Our previous in vitro and in vivo studies have demonstrated the efficacy of retinoids against the most common fungal pathogens, such as A. fumigatus and C. albicans. Here, for the first time, the in vitro effect of retinoids against non-albicans Candida species, including the emerging MDR C. auris, was evaluated. Our results highlight that ATRA, tazarotene, and trifarotene exert an important dose-dependent and species-specific antifungal effect, particularly in reducing growth and biofilm formation in NAC species, including fluconazole-resistant C. krusei and C. tropicalis. These findings expand the known antifungal spectrum of retinoids and support their potential as promising candidates for the development of alternative or adjunctive therapeutic strategies against drug-resistant Candida infections. Moreover, the differential responses of Candida species to each retinoid may enable the use of these compounds in species-specific, tailored antifungal therapies.
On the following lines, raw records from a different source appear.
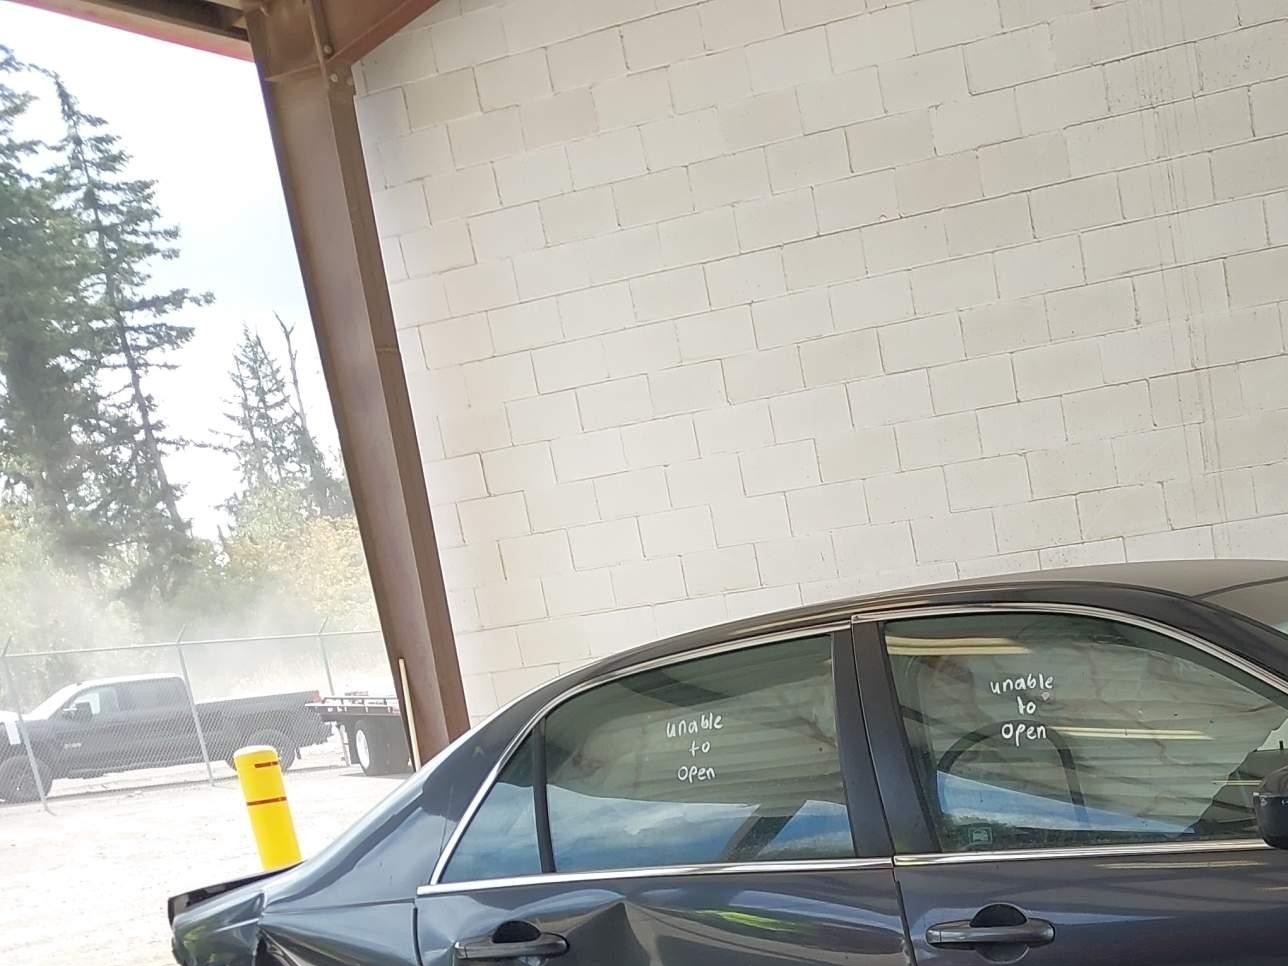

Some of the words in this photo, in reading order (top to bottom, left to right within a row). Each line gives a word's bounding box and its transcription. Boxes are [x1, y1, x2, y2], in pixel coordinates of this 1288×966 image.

[990, 673, 1054, 694] unable
[1017, 696, 1036, 715] to
[666, 711, 723, 738] unable
[689, 740, 711, 757] to
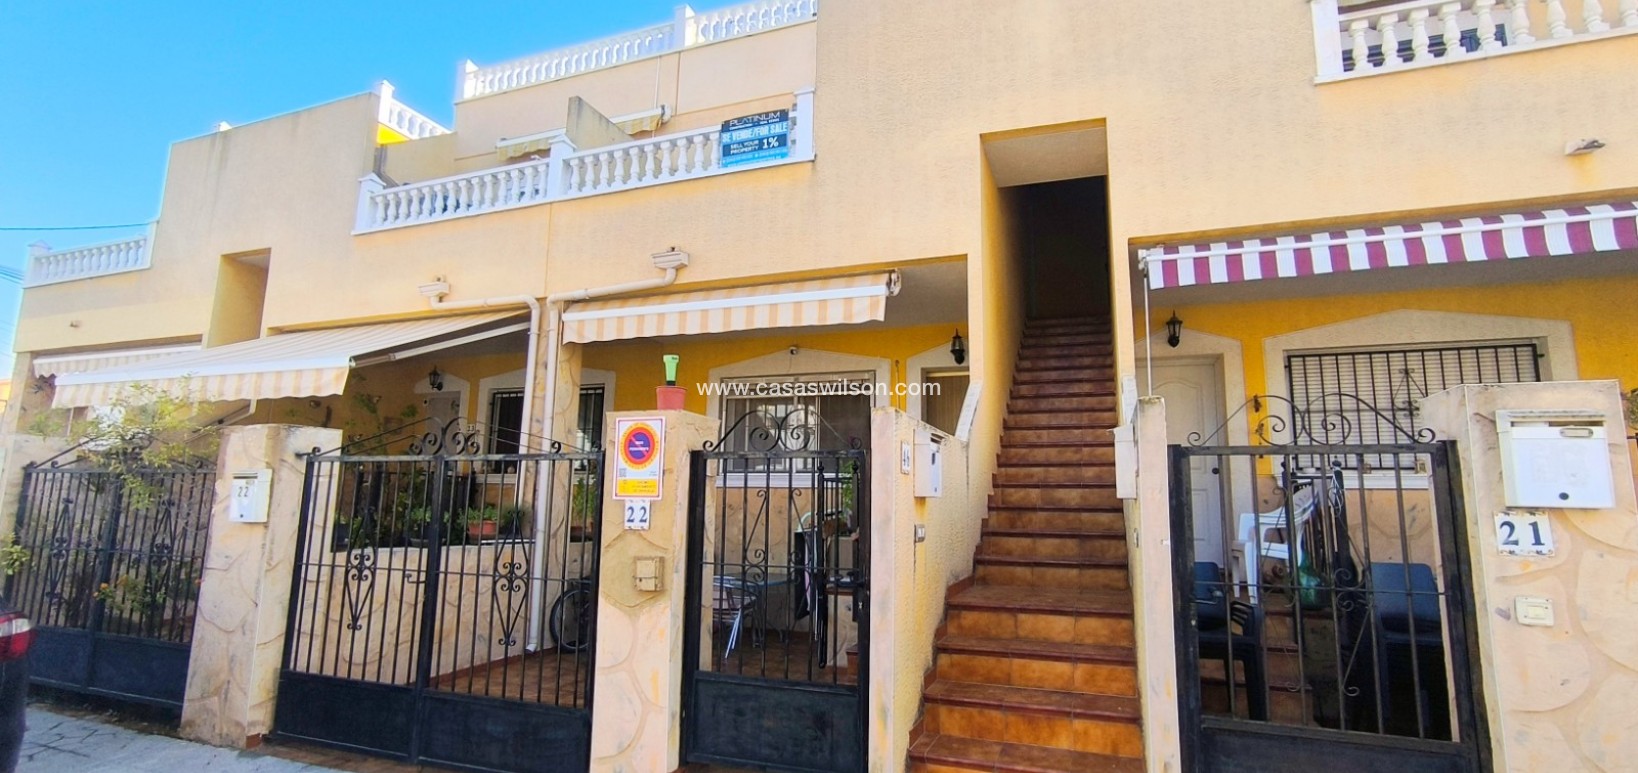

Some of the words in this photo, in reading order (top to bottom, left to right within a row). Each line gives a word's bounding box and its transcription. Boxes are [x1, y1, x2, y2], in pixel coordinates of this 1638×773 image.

In conclusion, repurposing retinoids represents a compelling avenue for antifungal drug discovery. Their established clinical use, coupled with emerging antifungal properties, provides a strong rationale for further investigation into their role as antifungal agents, particularly against drug-resistant Candida spp. This study should be regarded as a proof of concept, highlighting promising species-specific patterns of retinoid activity that warrant further mechanistic and translational research.

6. Patents

The content is the object of Italian Patent Application No. 102024000028625 filed on 16 December 2024.